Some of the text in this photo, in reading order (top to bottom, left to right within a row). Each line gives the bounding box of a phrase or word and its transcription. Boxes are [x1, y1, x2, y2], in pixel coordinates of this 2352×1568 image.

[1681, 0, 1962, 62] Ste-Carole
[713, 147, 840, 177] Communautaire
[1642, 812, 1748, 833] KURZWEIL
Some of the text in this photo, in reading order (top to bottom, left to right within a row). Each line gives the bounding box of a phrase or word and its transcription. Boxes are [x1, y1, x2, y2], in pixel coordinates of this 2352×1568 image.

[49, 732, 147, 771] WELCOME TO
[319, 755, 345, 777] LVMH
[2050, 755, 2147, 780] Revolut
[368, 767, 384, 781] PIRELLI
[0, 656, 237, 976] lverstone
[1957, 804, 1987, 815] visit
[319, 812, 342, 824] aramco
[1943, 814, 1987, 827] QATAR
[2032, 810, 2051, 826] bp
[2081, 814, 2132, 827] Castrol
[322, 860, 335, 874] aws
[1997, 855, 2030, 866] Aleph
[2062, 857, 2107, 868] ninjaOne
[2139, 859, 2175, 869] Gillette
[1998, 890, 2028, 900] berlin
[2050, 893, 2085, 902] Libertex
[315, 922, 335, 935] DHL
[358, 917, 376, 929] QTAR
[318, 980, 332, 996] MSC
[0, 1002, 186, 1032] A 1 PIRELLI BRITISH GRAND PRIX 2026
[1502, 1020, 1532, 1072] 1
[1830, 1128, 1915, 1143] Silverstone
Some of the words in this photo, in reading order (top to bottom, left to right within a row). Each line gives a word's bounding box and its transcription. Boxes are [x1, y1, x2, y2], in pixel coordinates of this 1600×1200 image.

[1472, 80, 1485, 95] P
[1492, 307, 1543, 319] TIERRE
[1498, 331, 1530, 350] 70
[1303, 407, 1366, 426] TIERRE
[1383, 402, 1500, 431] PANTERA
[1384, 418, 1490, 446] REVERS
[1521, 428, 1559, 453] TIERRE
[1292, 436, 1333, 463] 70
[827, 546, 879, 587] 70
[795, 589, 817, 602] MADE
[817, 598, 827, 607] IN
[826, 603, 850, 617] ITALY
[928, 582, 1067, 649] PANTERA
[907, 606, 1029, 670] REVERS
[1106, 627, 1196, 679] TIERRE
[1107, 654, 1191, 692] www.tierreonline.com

* ACTIVITY:
Set every record down word for word, omitting none.

* SOLUTION:
Some of the text in this photo, in reading order (top to bottom, left to right within a row). Each line gives the bounding box of a phrase or word and its transcription. Boxes are [x1, y1, x2, y2], in pixel coordinates of this 2352×1568 image.

[1681, 0, 1962, 62] Ste-Carole
[713, 147, 840, 177] Communautaire
[1642, 812, 1748, 833] KURZWEIL
Some of the text in this photo, in reading order (top to bottom, left to right within a row). Each line gives the bounding box of a phrase or word and its transcription. Boxes are [x1, y1, x2, y2], in pixel coordinates of this 2352×1568 image.

[49, 732, 147, 771] WELCOME TO
[319, 755, 345, 777] LVMH
[2050, 755, 2147, 780] Revolut
[368, 767, 384, 781] PIRELLI
[0, 656, 237, 976] lverstone
[1957, 804, 1987, 815] visit
[319, 812, 342, 824] aramco
[1943, 814, 1987, 827] QATAR
[2032, 810, 2051, 826] bp
[2081, 814, 2132, 827] Castrol
[322, 860, 335, 874] aws
[1997, 855, 2030, 866] Aleph
[2062, 857, 2107, 868] ninjaOne
[2139, 859, 2175, 869] Gillette
[1998, 890, 2028, 900] berlin
[2050, 893, 2085, 902] Libertex
[315, 922, 335, 935] DHL
[358, 917, 376, 929] QTAR
[318, 980, 332, 996] MSC
[0, 1002, 186, 1032] A 1 PIRELLI BRITISH GRAND PRIX 2026
[1502, 1020, 1532, 1072] 1
[1830, 1128, 1915, 1143] Silverstone
Some of the words in this photo, in reading order (top to bottom, left to right within a row). Each line gives a word's bounding box and its transcription. Boxes are [x1, y1, x2, y2], in pixel coordinates of this 1600×1200 image.

[1472, 80, 1485, 95] P
[1492, 307, 1543, 319] TIERRE
[1498, 331, 1530, 350] 70
[1303, 407, 1366, 426] TIERRE
[1383, 402, 1500, 431] PANTERA
[1384, 418, 1490, 446] REVERS
[1521, 428, 1559, 453] TIERRE
[1292, 436, 1333, 463] 70
[827, 546, 879, 587] 70
[795, 589, 817, 602] MADE
[817, 598, 827, 607] IN
[826, 603, 850, 617] ITALY
[928, 582, 1067, 649] PANTERA
[907, 606, 1029, 670] REVERS
[1106, 627, 1196, 679] TIERRE
[1107, 654, 1191, 692] www.tierreonline.com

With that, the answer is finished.